The Implications of Technology and the Global Ecosystem

             In her essay, "Gaia: Gender and Scientific Representations of the Earth," Marcia Bjornerud (1997) reports that, "Few ideas have provoked more rancorous debate within the modern scientific community than the Gaia hypothesis-the proposal that the Earth can be viewed as a superorganism with the capacity to regulate its "body" chemistry and temperature" (89). Although the concept of the Earth as a living being is ancient, the formal scientific development of that concept first began in the 1960s when an atmospheric chemist, James Lovelock and a philosopher, Dian Hitchcock and a molecular biologist, Lynn Margulis, investigated the anomalous composition of Earth's atmosphere compared to those of neighboring Mars and Venus.

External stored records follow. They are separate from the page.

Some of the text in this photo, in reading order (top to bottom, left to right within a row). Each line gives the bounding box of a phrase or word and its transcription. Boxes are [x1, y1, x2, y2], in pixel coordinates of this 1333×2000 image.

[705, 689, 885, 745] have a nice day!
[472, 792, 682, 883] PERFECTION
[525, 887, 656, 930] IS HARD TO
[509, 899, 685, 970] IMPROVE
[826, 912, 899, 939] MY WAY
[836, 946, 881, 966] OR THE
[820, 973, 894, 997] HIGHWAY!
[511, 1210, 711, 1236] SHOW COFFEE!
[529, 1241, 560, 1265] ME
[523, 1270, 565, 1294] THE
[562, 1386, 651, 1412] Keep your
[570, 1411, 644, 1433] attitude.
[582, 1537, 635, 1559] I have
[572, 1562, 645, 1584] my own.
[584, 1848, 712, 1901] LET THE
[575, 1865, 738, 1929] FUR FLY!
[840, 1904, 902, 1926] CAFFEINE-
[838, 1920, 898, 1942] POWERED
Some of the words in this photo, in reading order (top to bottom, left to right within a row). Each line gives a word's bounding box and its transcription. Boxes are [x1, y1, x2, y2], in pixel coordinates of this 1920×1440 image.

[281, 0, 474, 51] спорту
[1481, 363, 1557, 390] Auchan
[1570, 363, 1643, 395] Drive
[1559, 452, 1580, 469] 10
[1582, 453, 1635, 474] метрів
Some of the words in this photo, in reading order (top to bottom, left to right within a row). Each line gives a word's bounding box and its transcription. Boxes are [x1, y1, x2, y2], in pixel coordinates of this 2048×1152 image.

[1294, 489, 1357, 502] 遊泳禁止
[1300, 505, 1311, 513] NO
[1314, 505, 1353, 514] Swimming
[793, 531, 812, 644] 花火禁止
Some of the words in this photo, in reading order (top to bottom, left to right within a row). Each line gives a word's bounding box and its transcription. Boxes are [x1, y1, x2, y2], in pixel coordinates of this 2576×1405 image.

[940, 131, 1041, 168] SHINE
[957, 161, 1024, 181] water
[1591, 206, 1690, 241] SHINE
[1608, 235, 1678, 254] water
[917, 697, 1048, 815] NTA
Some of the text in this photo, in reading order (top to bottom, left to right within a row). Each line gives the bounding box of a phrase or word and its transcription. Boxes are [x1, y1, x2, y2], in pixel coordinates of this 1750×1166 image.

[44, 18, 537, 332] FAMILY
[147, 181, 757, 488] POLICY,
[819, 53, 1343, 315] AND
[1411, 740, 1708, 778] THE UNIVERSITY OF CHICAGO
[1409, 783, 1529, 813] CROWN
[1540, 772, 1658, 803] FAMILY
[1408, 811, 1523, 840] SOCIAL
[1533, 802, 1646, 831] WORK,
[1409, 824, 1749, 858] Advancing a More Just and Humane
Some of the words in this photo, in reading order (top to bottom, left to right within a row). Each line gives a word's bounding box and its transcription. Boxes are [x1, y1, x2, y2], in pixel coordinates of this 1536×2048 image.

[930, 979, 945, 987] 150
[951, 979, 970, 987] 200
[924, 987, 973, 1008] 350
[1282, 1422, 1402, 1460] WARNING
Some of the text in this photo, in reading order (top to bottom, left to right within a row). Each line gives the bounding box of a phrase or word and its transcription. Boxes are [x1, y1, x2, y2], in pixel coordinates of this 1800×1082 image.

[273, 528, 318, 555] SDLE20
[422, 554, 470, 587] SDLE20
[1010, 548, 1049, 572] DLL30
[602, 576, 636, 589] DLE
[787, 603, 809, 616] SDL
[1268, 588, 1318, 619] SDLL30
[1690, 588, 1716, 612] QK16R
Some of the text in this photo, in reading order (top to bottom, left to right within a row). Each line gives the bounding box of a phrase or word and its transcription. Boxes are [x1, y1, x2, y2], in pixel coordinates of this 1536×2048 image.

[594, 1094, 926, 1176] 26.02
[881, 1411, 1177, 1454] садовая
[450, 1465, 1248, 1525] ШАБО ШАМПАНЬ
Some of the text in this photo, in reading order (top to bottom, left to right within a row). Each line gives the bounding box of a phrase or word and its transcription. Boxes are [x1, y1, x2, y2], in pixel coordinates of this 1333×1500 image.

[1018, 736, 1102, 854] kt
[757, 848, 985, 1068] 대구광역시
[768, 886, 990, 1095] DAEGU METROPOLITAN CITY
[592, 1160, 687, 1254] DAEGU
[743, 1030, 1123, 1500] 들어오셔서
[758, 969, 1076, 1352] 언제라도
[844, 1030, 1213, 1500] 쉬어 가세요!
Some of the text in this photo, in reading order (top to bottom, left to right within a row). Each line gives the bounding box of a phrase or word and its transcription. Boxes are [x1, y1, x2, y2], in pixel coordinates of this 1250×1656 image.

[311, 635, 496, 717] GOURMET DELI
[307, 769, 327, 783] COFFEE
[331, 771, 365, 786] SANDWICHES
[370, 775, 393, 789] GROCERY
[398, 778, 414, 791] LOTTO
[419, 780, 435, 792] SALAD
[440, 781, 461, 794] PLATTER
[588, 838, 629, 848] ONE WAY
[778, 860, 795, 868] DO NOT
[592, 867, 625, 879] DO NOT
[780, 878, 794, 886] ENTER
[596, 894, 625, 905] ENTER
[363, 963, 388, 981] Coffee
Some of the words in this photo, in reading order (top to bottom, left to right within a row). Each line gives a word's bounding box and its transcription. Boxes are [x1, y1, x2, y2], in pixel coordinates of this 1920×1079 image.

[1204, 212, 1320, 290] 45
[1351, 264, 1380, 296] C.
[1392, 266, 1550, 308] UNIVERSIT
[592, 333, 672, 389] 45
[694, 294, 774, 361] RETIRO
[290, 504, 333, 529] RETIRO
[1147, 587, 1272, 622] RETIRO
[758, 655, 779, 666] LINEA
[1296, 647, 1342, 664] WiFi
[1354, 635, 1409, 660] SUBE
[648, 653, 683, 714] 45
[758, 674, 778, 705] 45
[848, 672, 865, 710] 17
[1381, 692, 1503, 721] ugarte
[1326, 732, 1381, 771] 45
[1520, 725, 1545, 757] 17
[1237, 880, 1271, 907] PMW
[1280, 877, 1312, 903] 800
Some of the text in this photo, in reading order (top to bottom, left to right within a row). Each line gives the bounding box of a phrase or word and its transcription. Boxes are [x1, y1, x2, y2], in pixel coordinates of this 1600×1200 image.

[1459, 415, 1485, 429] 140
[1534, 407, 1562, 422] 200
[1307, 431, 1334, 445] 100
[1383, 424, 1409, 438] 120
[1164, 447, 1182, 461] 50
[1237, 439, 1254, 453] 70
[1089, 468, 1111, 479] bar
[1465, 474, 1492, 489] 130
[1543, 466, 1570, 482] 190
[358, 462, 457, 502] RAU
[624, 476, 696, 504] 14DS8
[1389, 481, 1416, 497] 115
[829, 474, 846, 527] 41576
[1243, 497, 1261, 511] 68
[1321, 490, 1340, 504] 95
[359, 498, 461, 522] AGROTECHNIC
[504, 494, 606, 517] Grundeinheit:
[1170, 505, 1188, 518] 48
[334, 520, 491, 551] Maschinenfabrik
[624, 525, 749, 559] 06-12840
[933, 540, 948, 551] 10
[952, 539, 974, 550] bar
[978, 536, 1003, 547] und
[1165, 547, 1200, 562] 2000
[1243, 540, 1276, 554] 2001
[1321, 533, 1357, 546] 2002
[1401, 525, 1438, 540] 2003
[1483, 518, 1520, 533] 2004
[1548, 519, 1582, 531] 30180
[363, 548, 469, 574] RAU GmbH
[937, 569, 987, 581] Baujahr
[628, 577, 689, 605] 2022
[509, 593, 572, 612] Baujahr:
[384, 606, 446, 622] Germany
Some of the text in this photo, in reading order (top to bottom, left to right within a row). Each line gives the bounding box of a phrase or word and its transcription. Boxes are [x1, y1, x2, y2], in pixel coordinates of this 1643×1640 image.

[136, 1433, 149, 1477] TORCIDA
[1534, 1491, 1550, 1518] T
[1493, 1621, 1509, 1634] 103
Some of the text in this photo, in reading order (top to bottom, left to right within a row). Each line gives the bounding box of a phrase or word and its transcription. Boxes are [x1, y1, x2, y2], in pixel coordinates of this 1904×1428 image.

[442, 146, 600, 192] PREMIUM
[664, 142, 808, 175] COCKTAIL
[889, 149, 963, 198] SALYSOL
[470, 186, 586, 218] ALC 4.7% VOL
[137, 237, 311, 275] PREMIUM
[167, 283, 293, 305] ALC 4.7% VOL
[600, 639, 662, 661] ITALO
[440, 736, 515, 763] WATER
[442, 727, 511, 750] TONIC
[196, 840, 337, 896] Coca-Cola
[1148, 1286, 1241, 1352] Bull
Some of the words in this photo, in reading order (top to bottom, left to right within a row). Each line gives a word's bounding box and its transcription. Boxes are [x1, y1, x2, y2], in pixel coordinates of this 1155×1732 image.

According to these three investigators, the unique mixture of gases that surrounds the Earth and supports life on the planet is the very essence of "Life," which is created and maintained by the global biosphere for its own unfathomable reasons and uses. "The composition of the atmosphere, in turn, profoundly affects Earth's climate," Bjornerud says, "which has remained favorable for life for at least 3.5 billion years. In other words, life on Earth has not merely adapted to a hostile environment, it has continuously modified that environment" (90). The Gaia hypothesis in sum, then, is that organisms have acted collectively (if unknowingly) throughout the history of the world to make the environment more favorable for the global ecosystem as a whole (Bjornerud 90). Mankind"s introduction of technological innovations into this carefully balanced and fine-tuned Gaiac system, though, have resulted in some predictable adverse outcomes, such as in the former Soviet Union where much of the country remains ravaged by the environmental impact of industries that have paid little attention to such controls in an effort to gain an edge on the West, to less predictable outcomes such as the growing hole in the ozone layer and acid rain.